Set down every line of the data exactly, skipping the pictures.

Segment Open

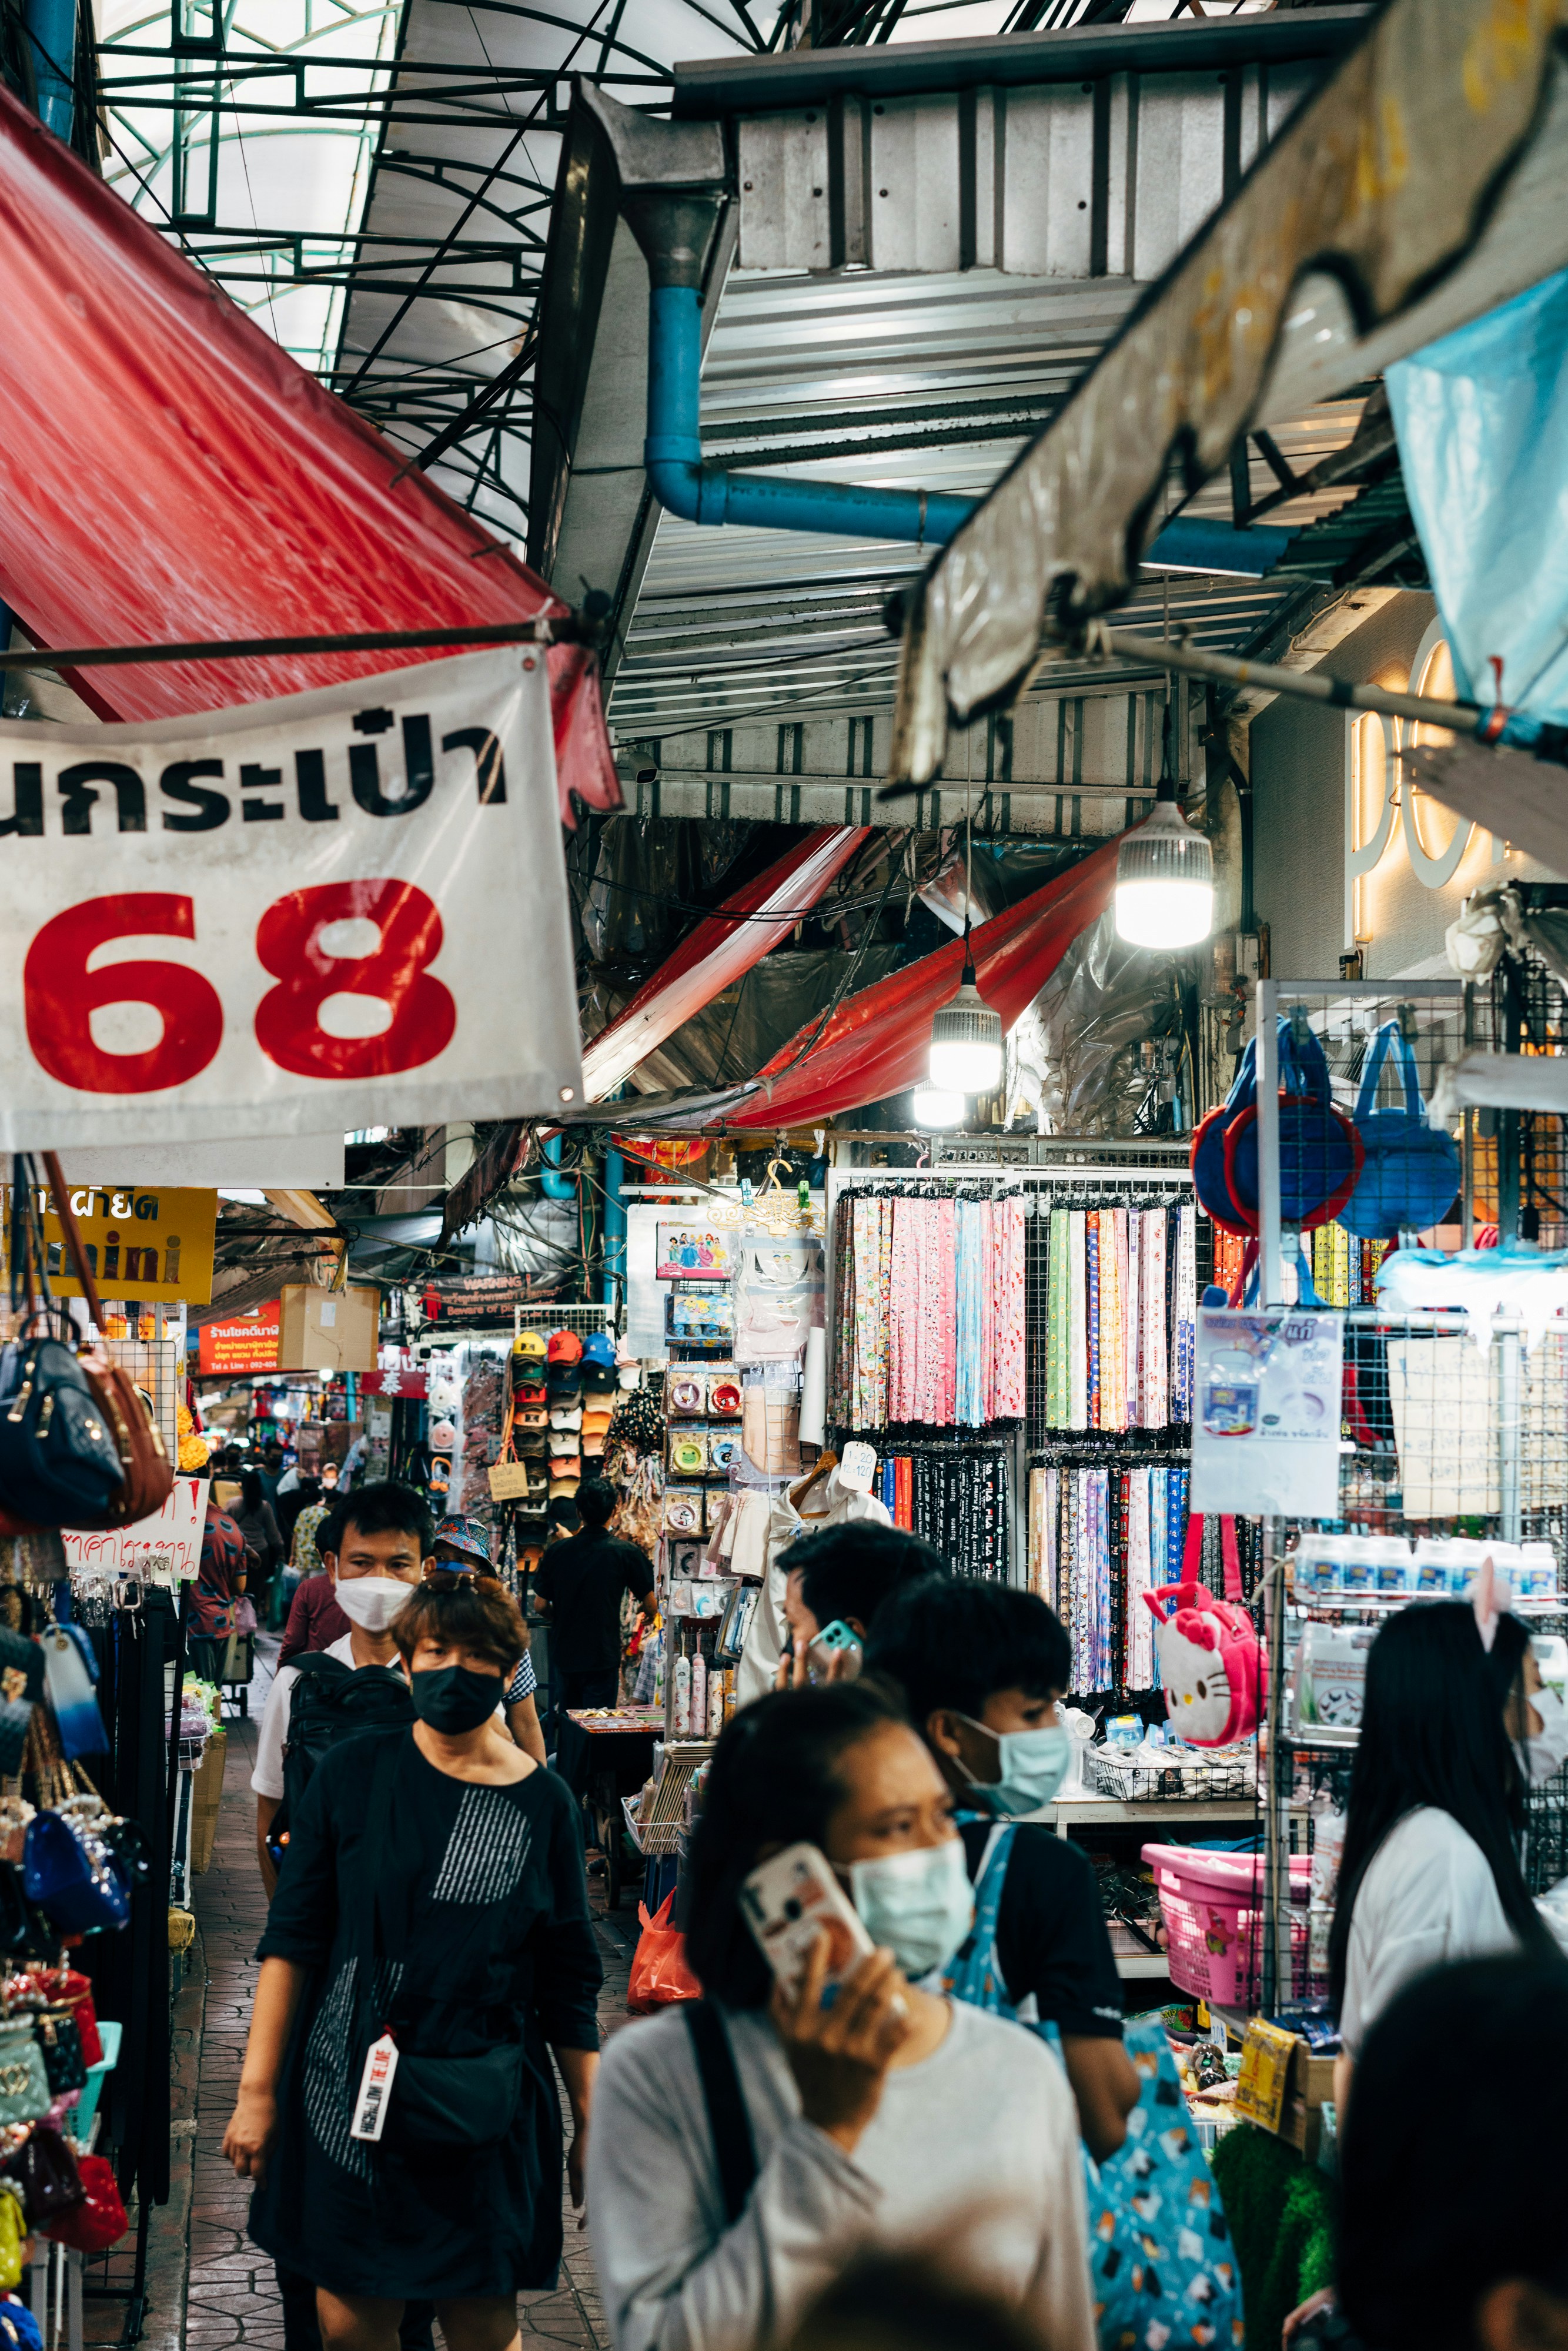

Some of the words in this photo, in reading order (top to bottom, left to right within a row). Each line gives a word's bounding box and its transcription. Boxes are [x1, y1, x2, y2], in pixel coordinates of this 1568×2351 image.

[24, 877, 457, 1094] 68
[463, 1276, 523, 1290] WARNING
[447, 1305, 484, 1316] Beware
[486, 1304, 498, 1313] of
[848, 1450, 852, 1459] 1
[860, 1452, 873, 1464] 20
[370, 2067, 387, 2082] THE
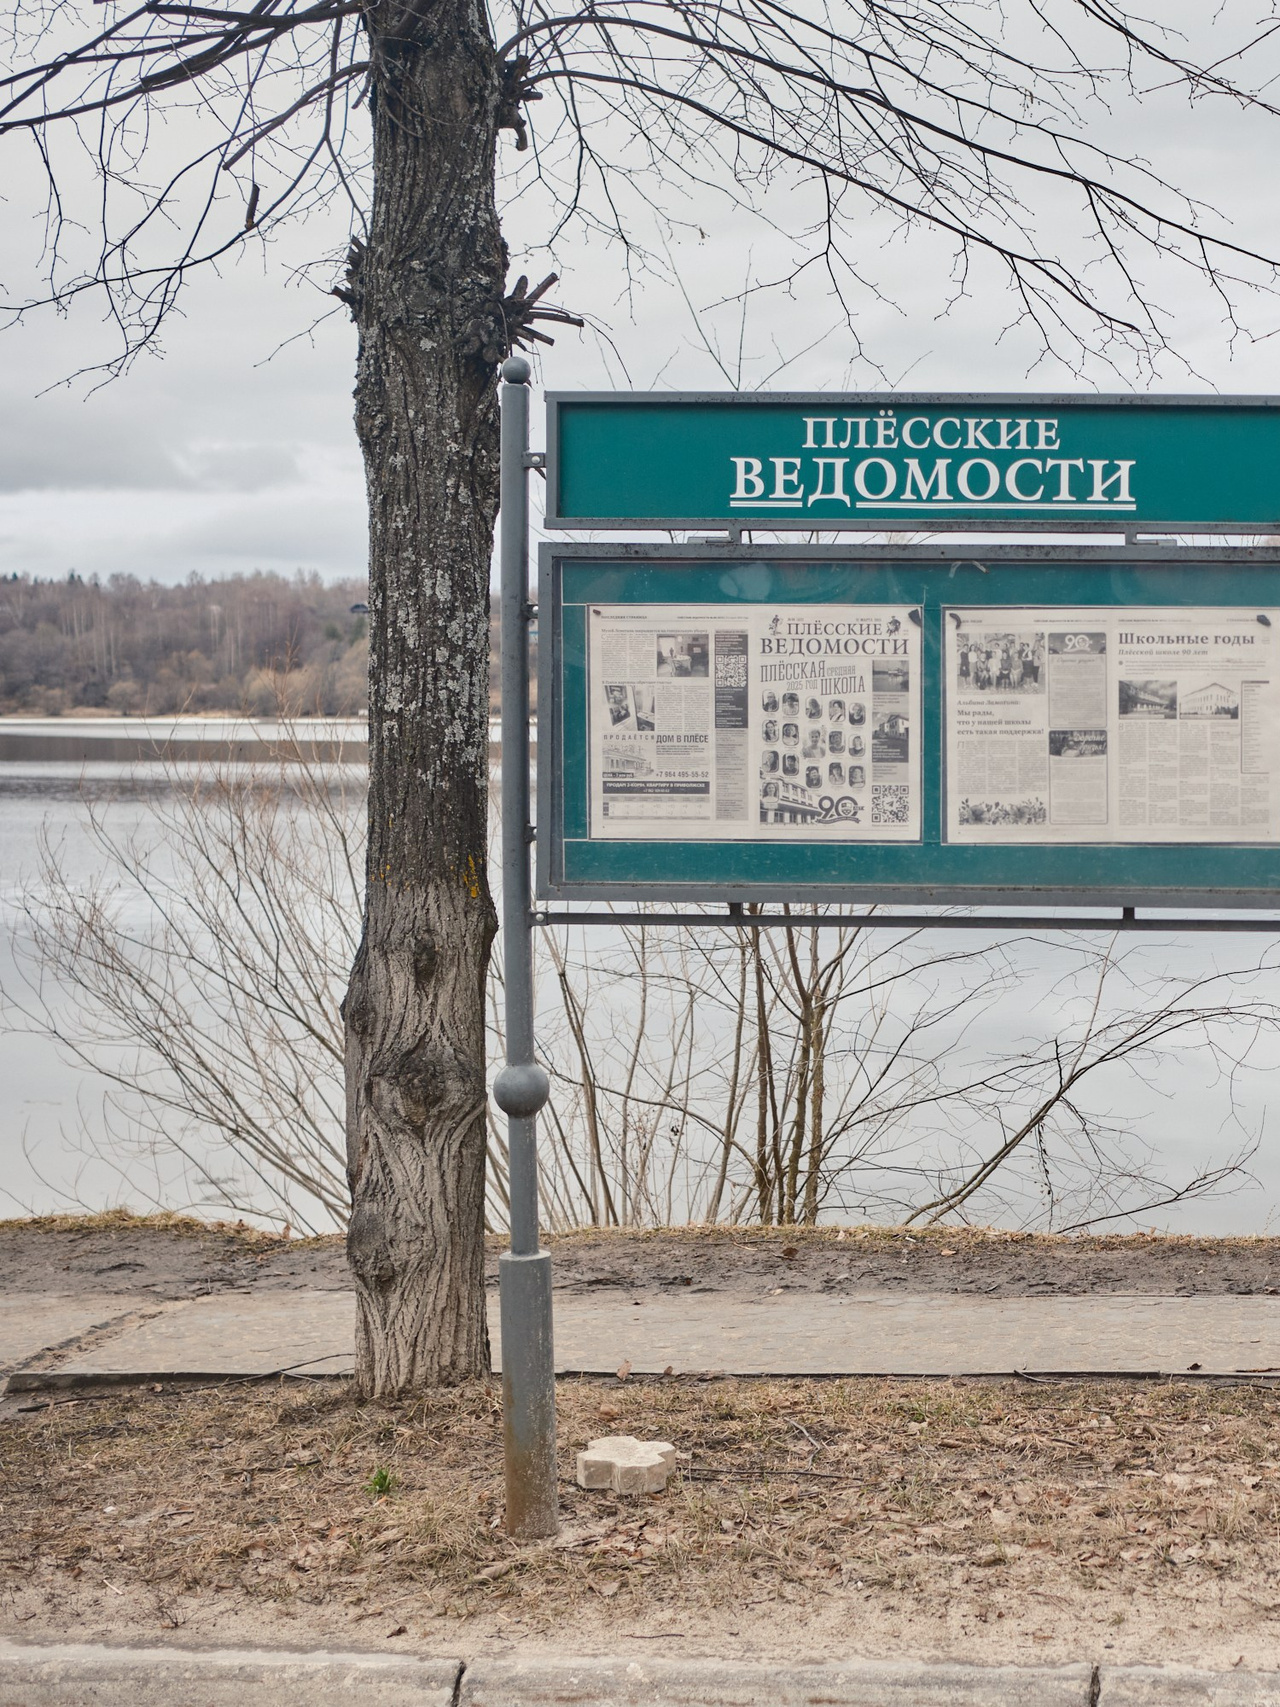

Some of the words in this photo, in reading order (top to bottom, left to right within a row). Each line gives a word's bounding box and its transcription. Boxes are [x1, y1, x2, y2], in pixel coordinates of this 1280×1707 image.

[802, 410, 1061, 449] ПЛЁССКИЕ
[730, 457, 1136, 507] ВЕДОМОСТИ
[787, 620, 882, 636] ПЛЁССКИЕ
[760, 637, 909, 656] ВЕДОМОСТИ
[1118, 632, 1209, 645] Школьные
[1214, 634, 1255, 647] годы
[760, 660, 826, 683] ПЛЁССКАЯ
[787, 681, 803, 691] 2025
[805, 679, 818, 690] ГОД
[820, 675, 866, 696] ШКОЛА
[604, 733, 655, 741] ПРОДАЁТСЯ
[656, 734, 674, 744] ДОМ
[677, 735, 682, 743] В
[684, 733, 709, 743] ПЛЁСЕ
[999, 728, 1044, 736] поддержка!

Segment Closed

-- SOLUTION TO THIS EXERCISE --
Some of the words in this photo, in reading order (top to bottom, left to right within a row). Each line gives a word's bounding box and its transcription. Boxes are [x1, y1, x2, y2], in pixel coordinates of this 1568×2351 image.

[24, 877, 457, 1094] 68
[463, 1276, 523, 1290] WARNING
[447, 1305, 484, 1316] Beware
[486, 1304, 498, 1313] of
[848, 1450, 852, 1459] 1
[860, 1452, 873, 1464] 20
[370, 2067, 387, 2082] THE

Some of the words in this photo, in reading order (top to bottom, left to right within a row). Each line gives a word's bounding box and its transcription. Boxes are [x1, y1, x2, y2], in pixel coordinates of this 1280×1707 image.

[802, 410, 1061, 449] ПЛЁССКИЕ
[730, 457, 1136, 507] ВЕДОМОСТИ
[787, 620, 882, 636] ПЛЁССКИЕ
[760, 637, 909, 656] ВЕДОМОСТИ
[1118, 632, 1209, 645] Школьные
[1214, 634, 1255, 647] годы
[760, 660, 826, 683] ПЛЁССКАЯ
[787, 681, 803, 691] 2025
[805, 679, 818, 690] ГОД
[820, 675, 866, 696] ШКОЛА
[604, 733, 655, 741] ПРОДАЁТСЯ
[656, 734, 674, 744] ДОМ
[677, 735, 682, 743] В
[684, 733, 709, 743] ПЛЁСЕ
[999, 728, 1044, 736] поддержка!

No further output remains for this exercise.